Following up on his 10,000-word expose last month during the trial of Kyle Rittenhouse over shootings in Kenosha, Wisconsin during a race riot, New York Times reporter Charles Homans on Monday delivered another 1,600 words of paranoia fretting over “mostly white armed paramilitaries” in the aftermath of Rittenhouse’s acquittal, “In Rittenhouse Verdict, Paramilitary Groups See Vindication.”
The subhead? “His acquittal has reinvigorated support on the right for armed responses to racial justice protests and unrest.” This is the problem: that somehow a white teen’s self-defense is horrendous, but you can combine the phrases “racial justice” and “unrest” without seeing any intellectual incoherence.
Homans set the stage:
On Friday, as Kyle Rittenhouse stood in a courtroom in Kenosha, Wis., awaiting the verdict in his trial, a large bald man with mutton chop sideburns sat in a pew several rows behind him. As a court clerk announced Mr. Rittenhouse’s acquittal on all charges, a faint smile passed across the man’s lips.
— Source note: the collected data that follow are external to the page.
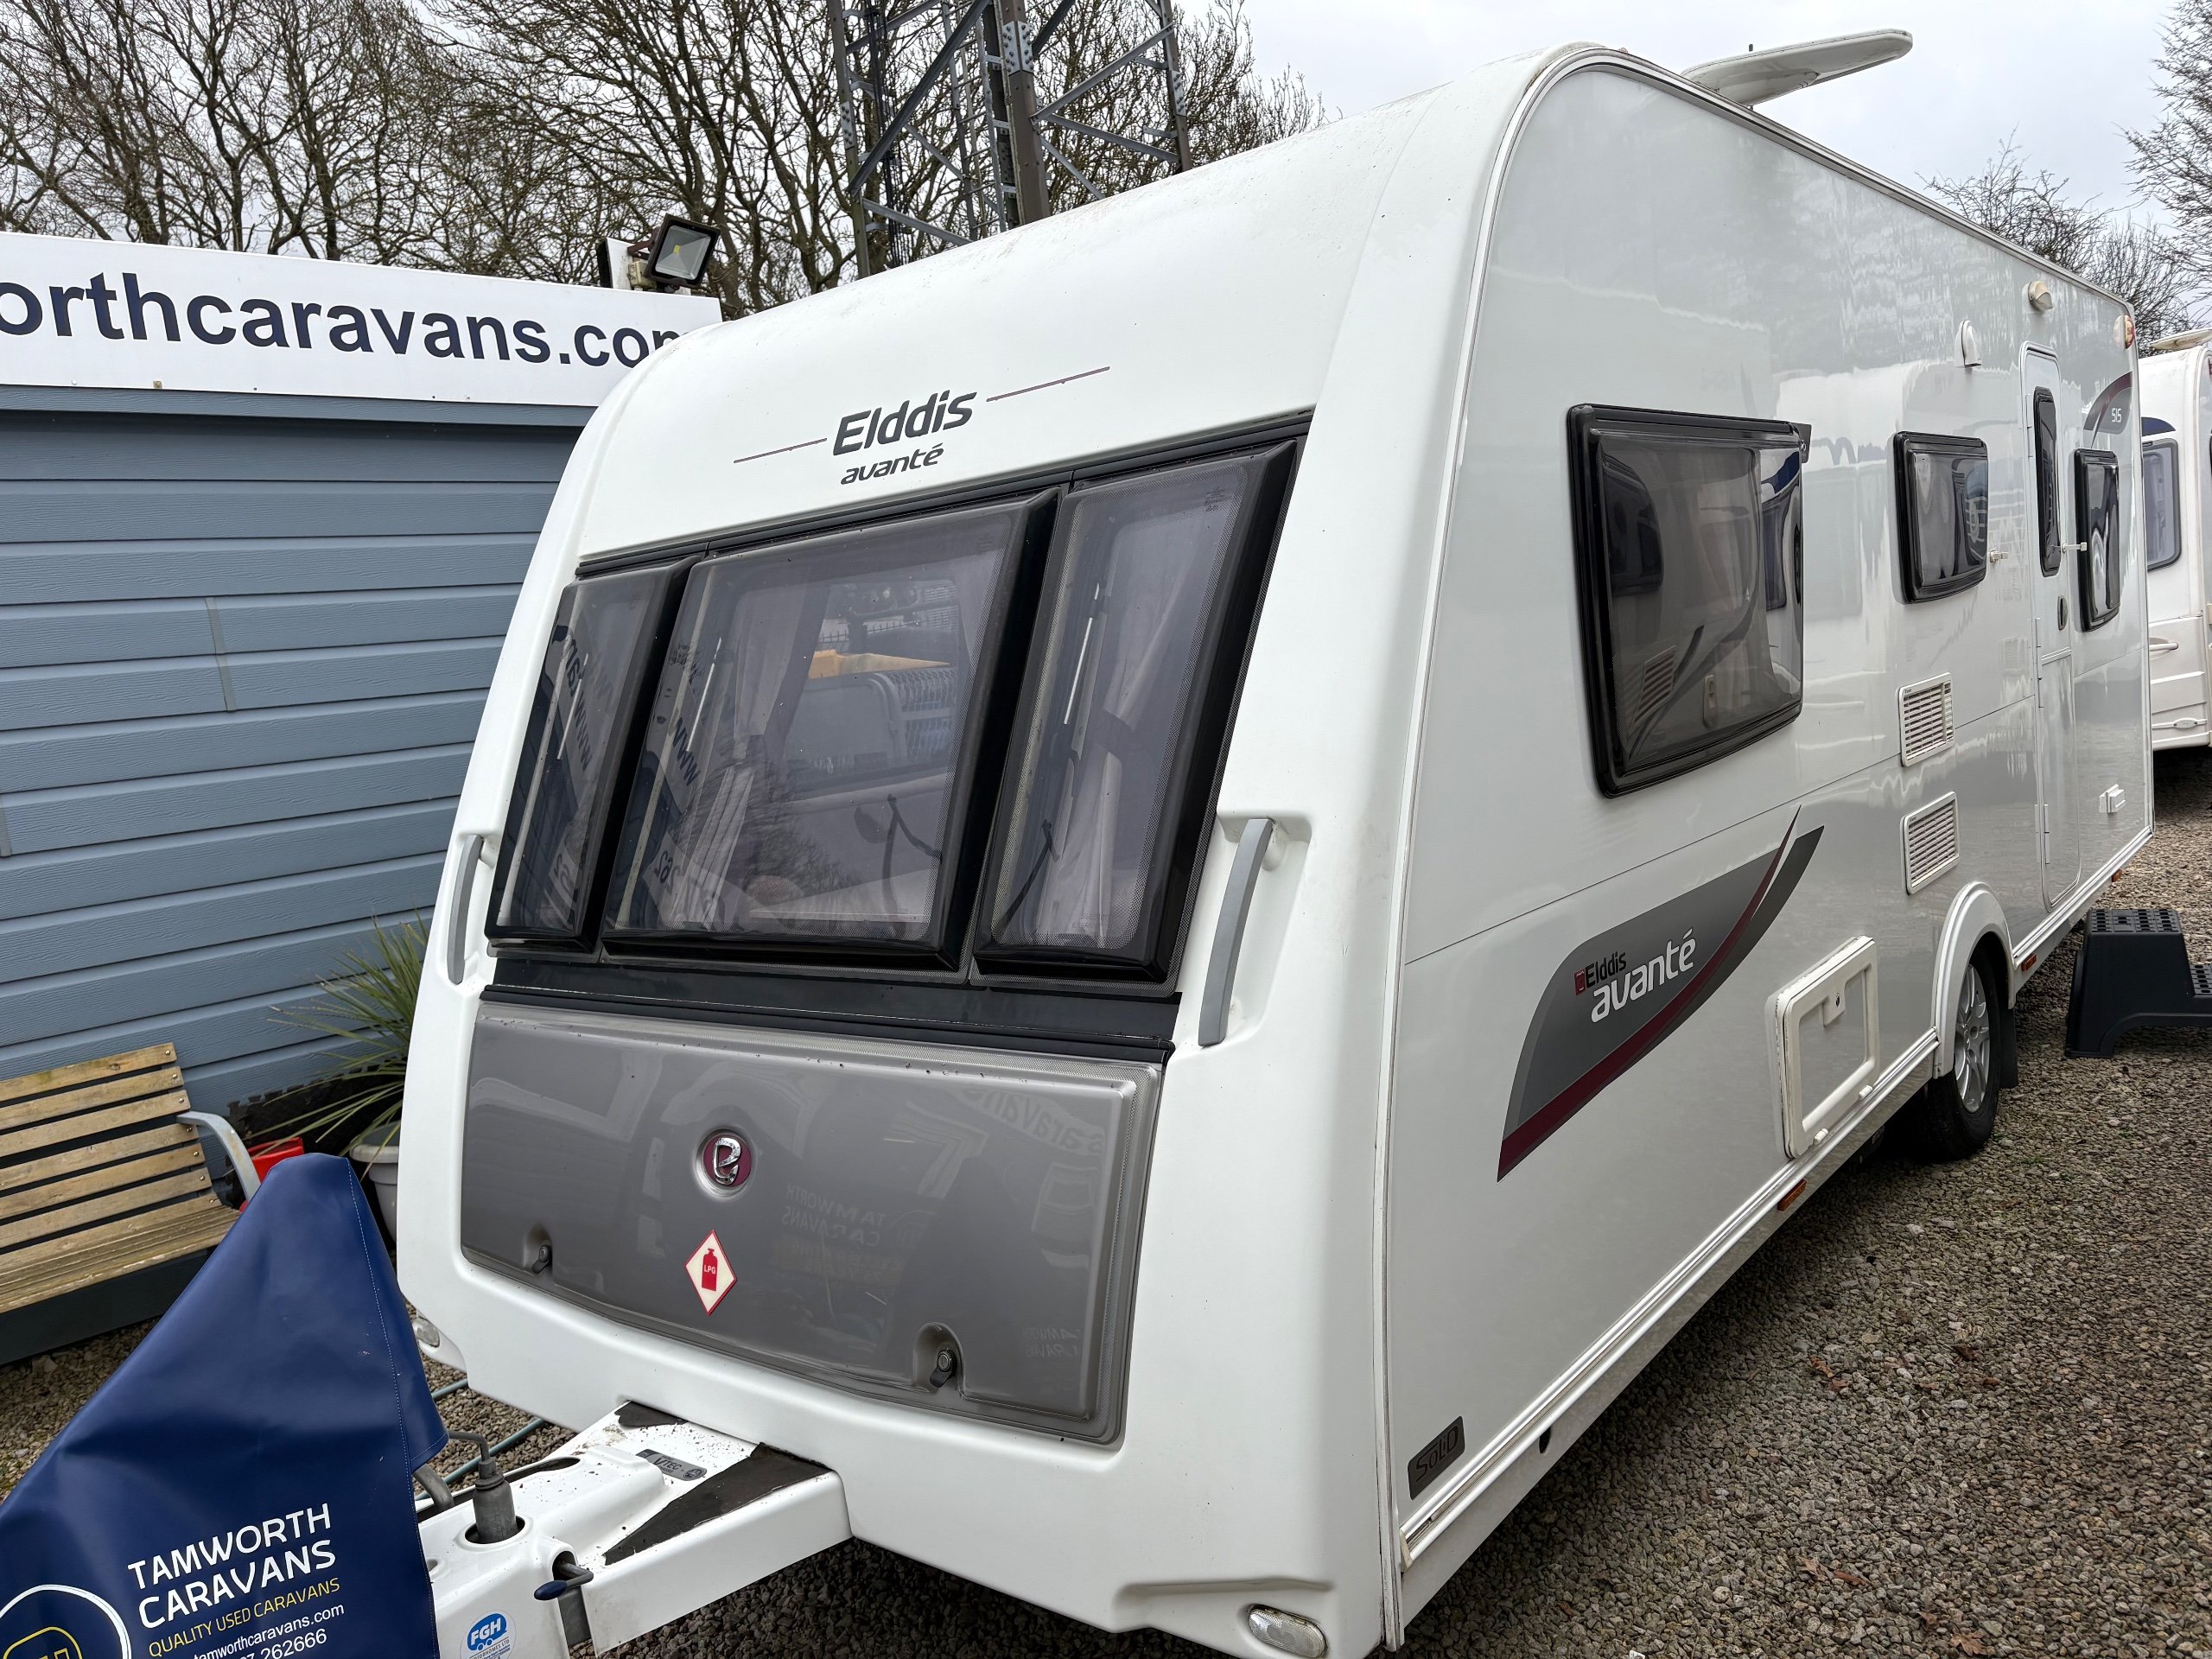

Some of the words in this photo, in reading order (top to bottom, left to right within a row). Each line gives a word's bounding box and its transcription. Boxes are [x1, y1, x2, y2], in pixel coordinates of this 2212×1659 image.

[832, 389, 977, 456] Elddis
[840, 442, 944, 486] avanté
[1585, 950, 1627, 988] Elddis
[1591, 927, 1696, 1023] avanté
[703, 1264, 716, 1274] LPG
[127, 1503, 332, 1590] TAMWORTH
[138, 1539, 336, 1629] CARAVANS
[148, 1620, 213, 1657] QUALITY
[215, 1607, 251, 1631] USED
[253, 1577, 341, 1618] CARAVANS
[470, 1618, 501, 1645] FGH
[471, 1643, 501, 1659] OTORHOMES
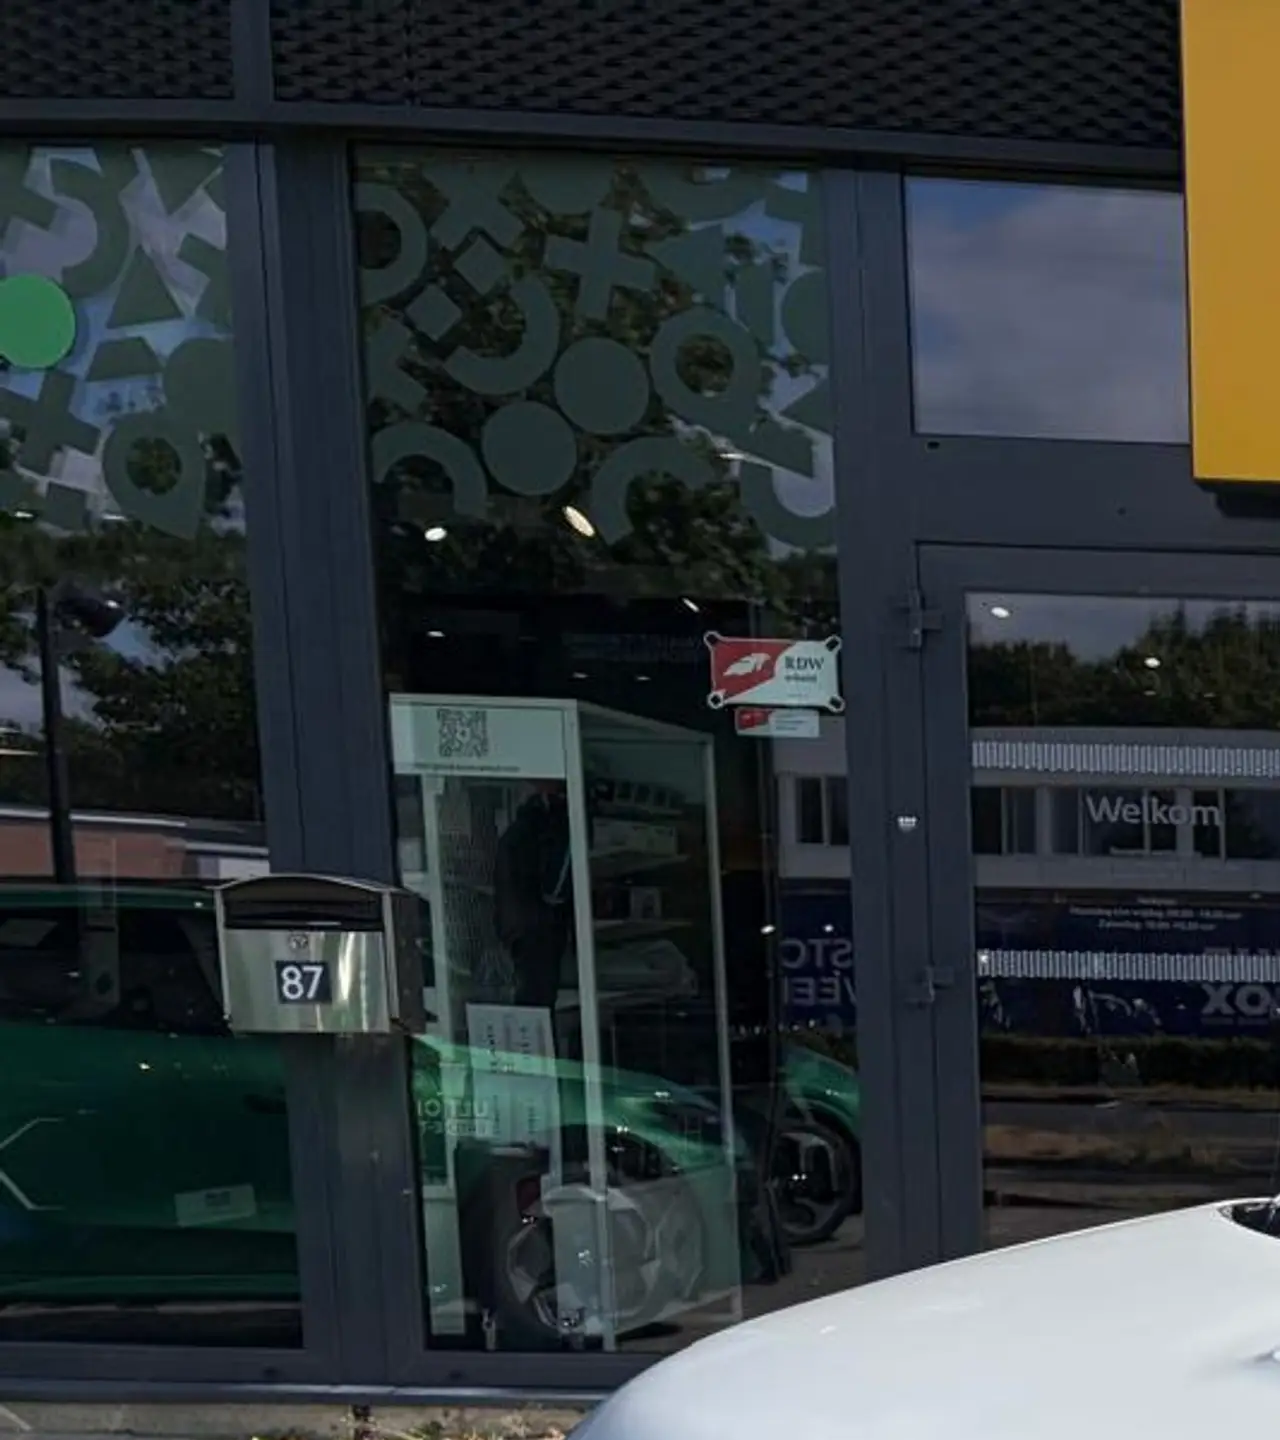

That man would be Kevin Mathewson, “a prominent and divisive figure in Kenosha” who created the armed group Kenosha Guard “to deter rioting/looting” amid demonstrations in Kenosha after the police killing of Jacob Blake. Just as he did in October, Homans tried to discredit Rittenhouse by linking him to far-right “paramilitaries,” even though he found no connection between Rittenhouse and the Kenosha Guard founder with which he leads his story.
…no evidence ever connected Mr. Rittenhouse — whom Mr. Mathewson said he had never met — to his Facebook post. But his proximity to the incident led to him being banned from Facebook, where his Aug. 25 post had been flagged repeatedly for violating the platform’s ban on militia activity and had left an aura of suspicion around him.
Now that Mr. Rittenhouse had been acquitted, Mr. Mathewson felt cleared by association….
The paper’s liberal priorities show through again with far more concern over armed men defending property than the Black Lives Matter-affiliated rioters destroying it. This is all about race:
White vigilante groups, some of them openly white supremacist, responded violently to unrest in Black communities in multiple cities in the late 1960s, often with the acquiescence or active support of local police. Photographs of armed Korean American business owners in Los Angeles defending their properties during the 1992 riots have been touchstones for Second Amendment advocates for years, and they were circulated again as social media memes after the Rittenhouse verdict.
No mention is made that one of the Rittenhouse’s attackers, Gaige Grosskreutz, drew his own gun on Rittenhouse. Where’s the condemnation of armed Antifa vigilantism? Being armed is fine….when you’re on the “right side of history.”
Homans ended with a local black racial activist bitterly claiming racism had stopped him from open carrying a firearm the way Rittenhouse did, as if the teenager who went on trial somehow got away with something and racial fairness would have required locking him up, or worse:
To [Raymond] Roberts, the Rittenhouse verdict was a stark reminder of who was likely to be seen by the police and jury members as “helping” in a situation like the one Mr. Rittenhouse placed himself in, and who was not. “I have to be honest and say I’m angry because I’m jealous,” he said.
“That 17-year-old white boy, this country belongs to him more than it’ll ever belong to me. It doesn’t matter how many years I did in the Army, how much taxes I pay. I can’t do what he did. I can’t walk around in the middle of the night open carrying,” Mr. Roberts said.